WHAT YOU SHOULD DO: With nothing added and nothing dropped, write out all of the entries below.

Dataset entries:

"""

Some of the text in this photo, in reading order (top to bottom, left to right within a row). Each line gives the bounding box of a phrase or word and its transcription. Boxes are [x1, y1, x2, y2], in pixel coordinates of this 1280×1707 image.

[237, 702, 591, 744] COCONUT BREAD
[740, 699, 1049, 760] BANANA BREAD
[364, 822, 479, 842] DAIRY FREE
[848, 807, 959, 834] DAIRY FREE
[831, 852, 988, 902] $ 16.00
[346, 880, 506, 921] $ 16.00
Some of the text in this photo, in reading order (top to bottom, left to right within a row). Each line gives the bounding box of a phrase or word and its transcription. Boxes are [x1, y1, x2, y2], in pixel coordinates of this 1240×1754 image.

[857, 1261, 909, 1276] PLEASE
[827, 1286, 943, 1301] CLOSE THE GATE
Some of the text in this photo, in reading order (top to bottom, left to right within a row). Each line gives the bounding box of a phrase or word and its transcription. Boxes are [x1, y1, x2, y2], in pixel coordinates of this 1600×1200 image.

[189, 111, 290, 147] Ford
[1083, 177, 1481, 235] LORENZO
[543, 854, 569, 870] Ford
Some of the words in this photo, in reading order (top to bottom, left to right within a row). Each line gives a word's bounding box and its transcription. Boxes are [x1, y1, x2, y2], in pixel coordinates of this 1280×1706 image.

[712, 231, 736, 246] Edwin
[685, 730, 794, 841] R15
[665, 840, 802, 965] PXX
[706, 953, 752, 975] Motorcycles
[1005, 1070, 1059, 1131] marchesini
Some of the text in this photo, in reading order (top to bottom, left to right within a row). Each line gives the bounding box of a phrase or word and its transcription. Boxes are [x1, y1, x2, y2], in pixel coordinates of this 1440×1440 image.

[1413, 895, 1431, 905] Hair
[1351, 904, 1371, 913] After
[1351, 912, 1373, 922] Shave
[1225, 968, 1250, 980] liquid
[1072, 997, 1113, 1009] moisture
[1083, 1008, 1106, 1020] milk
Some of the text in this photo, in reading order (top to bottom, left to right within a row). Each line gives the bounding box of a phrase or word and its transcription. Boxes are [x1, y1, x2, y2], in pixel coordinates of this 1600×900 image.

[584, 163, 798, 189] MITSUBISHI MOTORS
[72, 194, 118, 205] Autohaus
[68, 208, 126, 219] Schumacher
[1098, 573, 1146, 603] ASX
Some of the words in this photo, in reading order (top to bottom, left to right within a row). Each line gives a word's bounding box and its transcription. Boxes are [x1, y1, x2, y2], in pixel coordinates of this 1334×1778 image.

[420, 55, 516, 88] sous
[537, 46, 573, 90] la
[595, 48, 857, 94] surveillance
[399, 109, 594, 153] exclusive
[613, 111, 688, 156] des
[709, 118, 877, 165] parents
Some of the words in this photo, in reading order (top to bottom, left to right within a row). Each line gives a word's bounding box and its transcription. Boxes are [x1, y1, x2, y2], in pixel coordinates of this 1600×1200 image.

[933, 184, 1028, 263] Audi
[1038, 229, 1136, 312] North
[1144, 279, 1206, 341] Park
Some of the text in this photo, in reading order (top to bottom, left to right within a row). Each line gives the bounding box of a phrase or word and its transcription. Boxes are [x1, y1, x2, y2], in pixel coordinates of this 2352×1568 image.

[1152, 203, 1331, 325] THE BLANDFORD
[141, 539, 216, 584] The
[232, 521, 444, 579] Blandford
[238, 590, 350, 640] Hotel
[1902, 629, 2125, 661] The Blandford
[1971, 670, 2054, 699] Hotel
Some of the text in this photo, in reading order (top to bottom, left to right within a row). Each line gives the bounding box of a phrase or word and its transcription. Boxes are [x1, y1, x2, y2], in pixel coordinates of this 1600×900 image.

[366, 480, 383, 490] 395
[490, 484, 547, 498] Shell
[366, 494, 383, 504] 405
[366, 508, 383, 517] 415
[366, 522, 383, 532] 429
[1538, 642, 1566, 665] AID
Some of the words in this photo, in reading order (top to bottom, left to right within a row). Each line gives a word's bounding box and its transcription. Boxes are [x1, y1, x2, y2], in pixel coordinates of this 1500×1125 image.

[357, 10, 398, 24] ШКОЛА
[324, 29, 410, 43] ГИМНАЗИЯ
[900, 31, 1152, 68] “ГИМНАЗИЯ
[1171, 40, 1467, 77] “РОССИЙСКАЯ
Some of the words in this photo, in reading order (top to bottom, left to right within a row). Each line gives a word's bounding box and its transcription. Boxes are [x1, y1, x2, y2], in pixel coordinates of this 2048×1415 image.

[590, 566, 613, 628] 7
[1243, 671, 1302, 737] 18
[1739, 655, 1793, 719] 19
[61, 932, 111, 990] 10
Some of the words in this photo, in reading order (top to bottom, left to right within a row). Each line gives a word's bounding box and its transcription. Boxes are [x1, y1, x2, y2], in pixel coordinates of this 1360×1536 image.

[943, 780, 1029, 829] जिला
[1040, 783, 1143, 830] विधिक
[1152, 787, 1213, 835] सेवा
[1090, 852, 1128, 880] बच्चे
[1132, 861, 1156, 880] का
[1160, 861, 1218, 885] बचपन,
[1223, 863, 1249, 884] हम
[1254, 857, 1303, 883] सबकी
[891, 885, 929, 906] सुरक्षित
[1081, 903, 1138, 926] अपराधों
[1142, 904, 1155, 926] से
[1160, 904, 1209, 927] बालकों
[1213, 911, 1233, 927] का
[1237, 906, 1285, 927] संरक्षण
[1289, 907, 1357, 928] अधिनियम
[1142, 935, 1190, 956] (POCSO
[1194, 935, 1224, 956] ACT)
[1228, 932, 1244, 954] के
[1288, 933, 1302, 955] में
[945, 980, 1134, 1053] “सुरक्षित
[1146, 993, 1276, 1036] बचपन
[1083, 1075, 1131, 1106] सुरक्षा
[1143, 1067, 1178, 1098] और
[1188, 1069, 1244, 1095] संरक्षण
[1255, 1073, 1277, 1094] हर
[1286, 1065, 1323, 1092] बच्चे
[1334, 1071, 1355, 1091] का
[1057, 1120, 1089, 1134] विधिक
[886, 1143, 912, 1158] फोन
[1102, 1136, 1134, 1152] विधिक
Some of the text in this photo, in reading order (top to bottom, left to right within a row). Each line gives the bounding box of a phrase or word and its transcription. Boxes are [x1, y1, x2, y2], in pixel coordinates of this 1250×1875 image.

"""

OUTPUT FOR THIS EXERCISE:
Some of the text in this photo, in reading order (top to bottom, left to right within a row). Each line gives the bounding box of a phrase or word and its transcription. Boxes are [x1, y1, x2, y2], in pixel coordinates of this 1280×1707 image.

[237, 702, 591, 744] COCONUT BREAD
[740, 699, 1049, 760] BANANA BREAD
[364, 822, 479, 842] DAIRY FREE
[848, 807, 959, 834] DAIRY FREE
[831, 852, 988, 902] $ 16.00
[346, 880, 506, 921] $ 16.00
Some of the text in this photo, in reading order (top to bottom, left to right within a row). Each line gives the bounding box of a phrase or word and its transcription. Boxes are [x1, y1, x2, y2], in pixel coordinates of this 1240×1754 image.

[857, 1261, 909, 1276] PLEASE
[827, 1286, 943, 1301] CLOSE THE GATE
Some of the text in this photo, in reading order (top to bottom, left to right within a row). Each line gives the bounding box of a phrase or word and its transcription. Boxes are [x1, y1, x2, y2], in pixel coordinates of this 1600×1200 image.

[189, 111, 290, 147] Ford
[1083, 177, 1481, 235] LORENZO
[543, 854, 569, 870] Ford
Some of the words in this photo, in reading order (top to bottom, left to right within a row). Each line gives a word's bounding box and its transcription. Boxes are [x1, y1, x2, y2], in pixel coordinates of this 1280×1706 image.

[712, 231, 736, 246] Edwin
[685, 730, 794, 841] R15
[665, 840, 802, 965] PXX
[706, 953, 752, 975] Motorcycles
[1005, 1070, 1059, 1131] marchesini
Some of the text in this photo, in reading order (top to bottom, left to right within a row). Each line gives the bounding box of a phrase or word and its transcription. Boxes are [x1, y1, x2, y2], in pixel coordinates of this 1440×1440 image.

[1413, 895, 1431, 905] Hair
[1351, 904, 1371, 913] After
[1351, 912, 1373, 922] Shave
[1225, 968, 1250, 980] liquid
[1072, 997, 1113, 1009] moisture
[1083, 1008, 1106, 1020] milk
Some of the text in this photo, in reading order (top to bottom, left to right within a row). Each line gives the bounding box of a phrase or word and its transcription. Boxes are [x1, y1, x2, y2], in pixel coordinates of this 1600×900 image.

[584, 163, 798, 189] MITSUBISHI MOTORS
[72, 194, 118, 205] Autohaus
[68, 208, 126, 219] Schumacher
[1098, 573, 1146, 603] ASX
Some of the words in this photo, in reading order (top to bottom, left to right within a row). Each line gives a word's bounding box and its transcription. Boxes are [x1, y1, x2, y2], in pixel coordinates of this 1334×1778 image.

[420, 55, 516, 88] sous
[537, 46, 573, 90] la
[595, 48, 857, 94] surveillance
[399, 109, 594, 153] exclusive
[613, 111, 688, 156] des
[709, 118, 877, 165] parents
Some of the words in this photo, in reading order (top to bottom, left to right within a row). Each line gives a word's bounding box and its transcription. Boxes are [x1, y1, x2, y2], in pixel coordinates of this 1600×1200 image.

[933, 184, 1028, 263] Audi
[1038, 229, 1136, 312] North
[1144, 279, 1206, 341] Park
Some of the text in this photo, in reading order (top to bottom, left to right within a row). Each line gives the bounding box of a phrase or word and its transcription. Boxes are [x1, y1, x2, y2], in pixel coordinates of this 2352×1568 image.

[1152, 203, 1331, 325] THE BLANDFORD
[141, 539, 216, 584] The
[232, 521, 444, 579] Blandford
[238, 590, 350, 640] Hotel
[1902, 629, 2125, 661] The Blandford
[1971, 670, 2054, 699] Hotel
Some of the text in this photo, in reading order (top to bottom, left to right within a row). Each line gives the bounding box of a phrase or word and its transcription. Boxes are [x1, y1, x2, y2], in pixel coordinates of this 1600×900 image.

[366, 480, 383, 490] 395
[490, 484, 547, 498] Shell
[366, 494, 383, 504] 405
[366, 508, 383, 517] 415
[366, 522, 383, 532] 429
[1538, 642, 1566, 665] AID
Some of the words in this photo, in reading order (top to bottom, left to right within a row). Each line gives a word's bounding box and its transcription. Boxes are [x1, y1, x2, y2], in pixel coordinates of this 1500×1125 image.

[357, 10, 398, 24] ШКОЛА
[324, 29, 410, 43] ГИМНАЗИЯ
[900, 31, 1152, 68] “ГИМНАЗИЯ
[1171, 40, 1467, 77] “РОССИЙСКАЯ
Some of the words in this photo, in reading order (top to bottom, left to right within a row). Each line gives a word's bounding box and its transcription. Boxes are [x1, y1, x2, y2], in pixel coordinates of this 2048×1415 image.

[590, 566, 613, 628] 7
[1243, 671, 1302, 737] 18
[1739, 655, 1793, 719] 19
[61, 932, 111, 990] 10
Some of the words in this photo, in reading order (top to bottom, left to right within a row). Each line gives a word's bounding box and its transcription. Boxes are [x1, y1, x2, y2], in pixel coordinates of this 1360×1536 image.

[943, 780, 1029, 829] जिला
[1040, 783, 1143, 830] विधिक
[1152, 787, 1213, 835] सेवा
[1090, 852, 1128, 880] बच्चे
[1132, 861, 1156, 880] का
[1160, 861, 1218, 885] बचपन,
[1223, 863, 1249, 884] हम
[1254, 857, 1303, 883] सबकी
[891, 885, 929, 906] सुरक्षित
[1081, 903, 1138, 926] अपराधों
[1142, 904, 1155, 926] से
[1160, 904, 1209, 927] बालकों
[1213, 911, 1233, 927] का
[1237, 906, 1285, 927] संरक्षण
[1289, 907, 1357, 928] अधिनियम
[1142, 935, 1190, 956] (POCSO
[1194, 935, 1224, 956] ACT)
[1228, 932, 1244, 954] के
[1288, 933, 1302, 955] में
[945, 980, 1134, 1053] “सुरक्षित
[1146, 993, 1276, 1036] बचपन
[1083, 1075, 1131, 1106] सुरक्षा
[1143, 1067, 1178, 1098] और
[1188, 1069, 1244, 1095] संरक्षण
[1255, 1073, 1277, 1094] हर
[1286, 1065, 1323, 1092] बच्चे
[1334, 1071, 1355, 1091] का
[1057, 1120, 1089, 1134] विधिक
[886, 1143, 912, 1158] फोन
[1102, 1136, 1134, 1152] विधिक
Some of the text in this photo, in reading order (top to bottom, left to right within a row). Each line gives the bounding box of a phrase or word and its transcription. Boxes are [x1, y1, x2, y2], in pixel coordinates of this 1250×1875 image.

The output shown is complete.